One of the best stores I ever used was in a smugglers cove, where this mad old merchant set up a jumbled trade post. No gold could be used, everything had to be traded. But values also became meaningless, it was purely upto the old merchant and what the Players had to trade. So cue them digging through their bags to find the odd bits they'd picked up on their travels, and trading axes for taxidermied animals, and statues for diamonds.
Post by dmslythytoves on May 18, 2021 19:56:04 GMT
I love giving players magical items, but yeah, they can definitely cause trouble.
So part of my current campaign, my players are collecting dragon scales, which they can utilize to increase their own power. There is a traveling merchant who collects scale for trade, so the party is now hoarding everything they can get their hands on and constantly looking for the merchant.
And they usually experiment with all of the items! Some they thought about trading but decided to keep, others I thought they'd never get rid of, but traded away at the first opportunity! But it scratches MY treasure itch!

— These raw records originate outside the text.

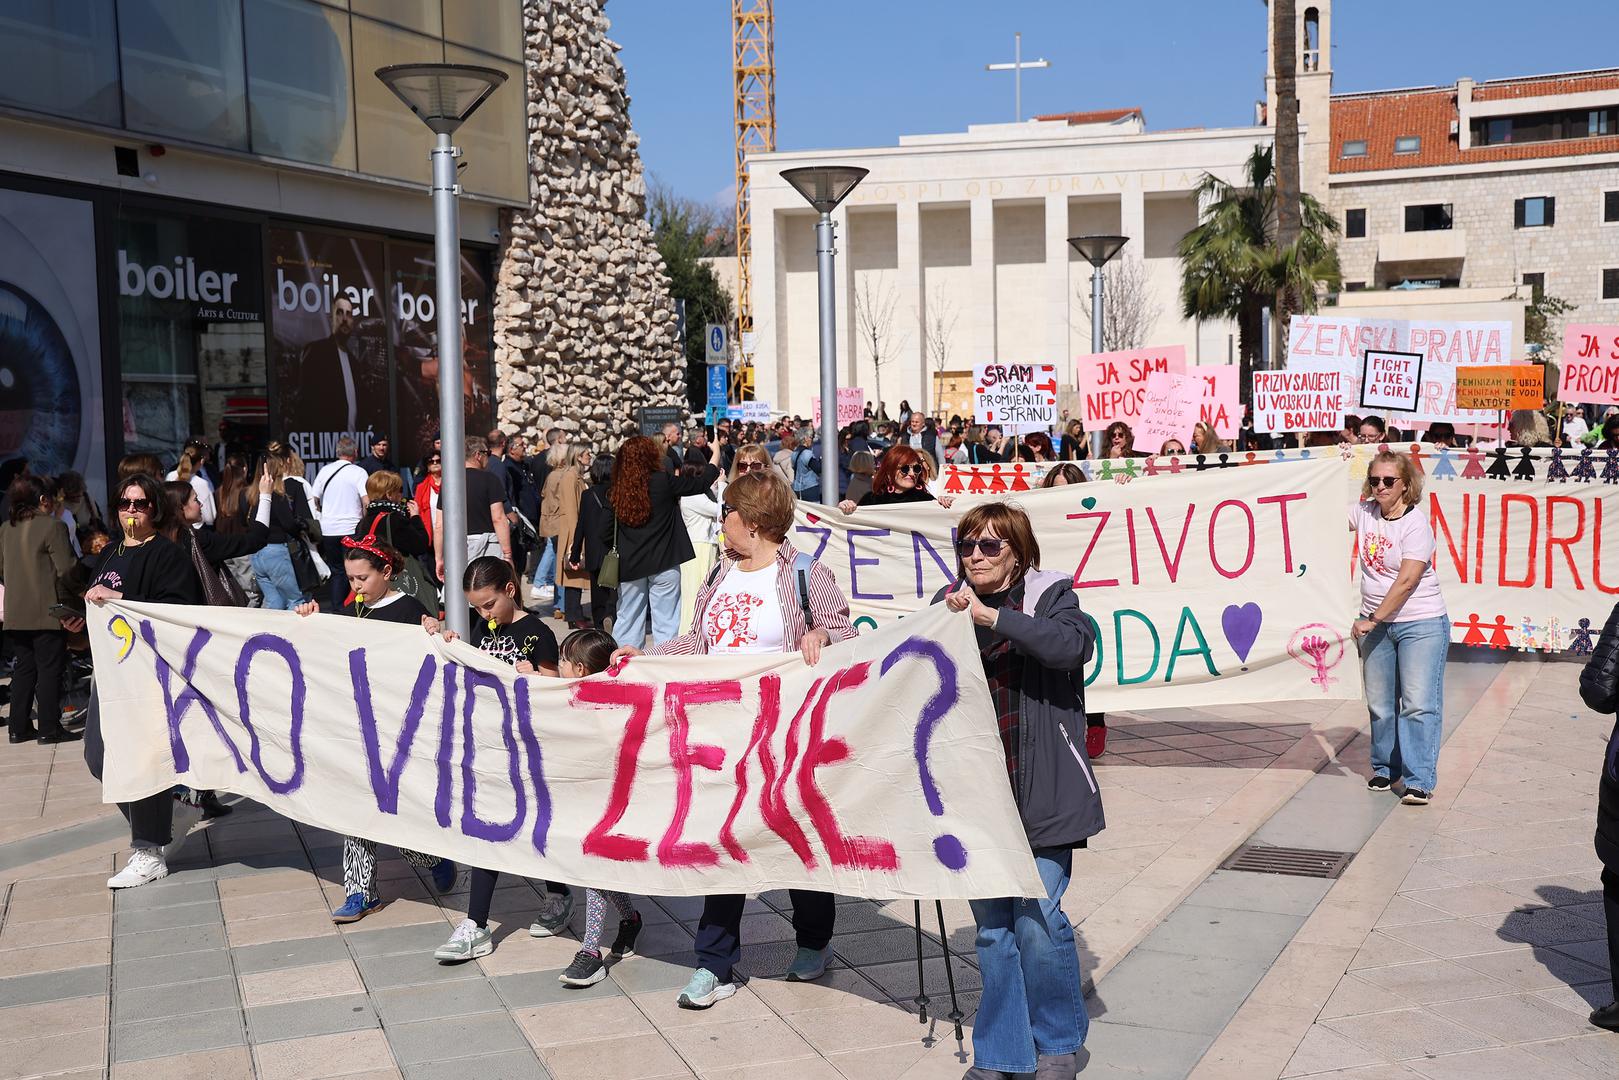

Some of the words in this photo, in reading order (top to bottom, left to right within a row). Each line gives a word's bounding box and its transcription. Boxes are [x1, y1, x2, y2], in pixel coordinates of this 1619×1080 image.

[966, 180, 1004, 197] OD
[118, 249, 238, 304] boiler
[1408, 329, 1502, 362] PRAVA
[1578, 334, 1600, 358] JA
[1096, 362, 1120, 385] JA
[1129, 357, 1168, 382] SAM
[1373, 358, 1411, 372] FIGHT
[981, 364, 1034, 387] SRAM
[1254, 373, 1292, 393] PRIZIV
[1375, 372, 1403, 385] LIKE
[1519, 379, 1542, 387] UBIJA
[1564, 364, 1619, 394] PROM
[1000, 384, 1030, 394] MORA
[1369, 384, 1378, 395] A
[1383, 385, 1410, 399] GIRL
[1505, 388, 1515, 397] NE
[1519, 389, 1539, 397] VODI
[980, 394, 1044, 408] PROMIJENITI
[1087, 387, 1146, 421] NEPOS
[1258, 394, 1266, 411] U
[1314, 394, 1322, 410] A
[1327, 394, 1342, 411] NE
[1000, 407, 1052, 422] STRANU
[1266, 414, 1275, 430] U
[1284, 411, 1336, 429] BOLNICU
[349, 647, 552, 858] VIDI

Love the idea of having something that gives progression towards the end goal of a magic item rather than the sliding scale of more and more small magic items that stack up in a weird way.
The more magic you add the harder it is to calculate what can and can't happen with the party.
I am very prone to doing this because I like giving them out. I have taken to using the band aid of having a truly random set of rolls to determine what they have found. Then again that bites me back by them invariably rolling insane numbers.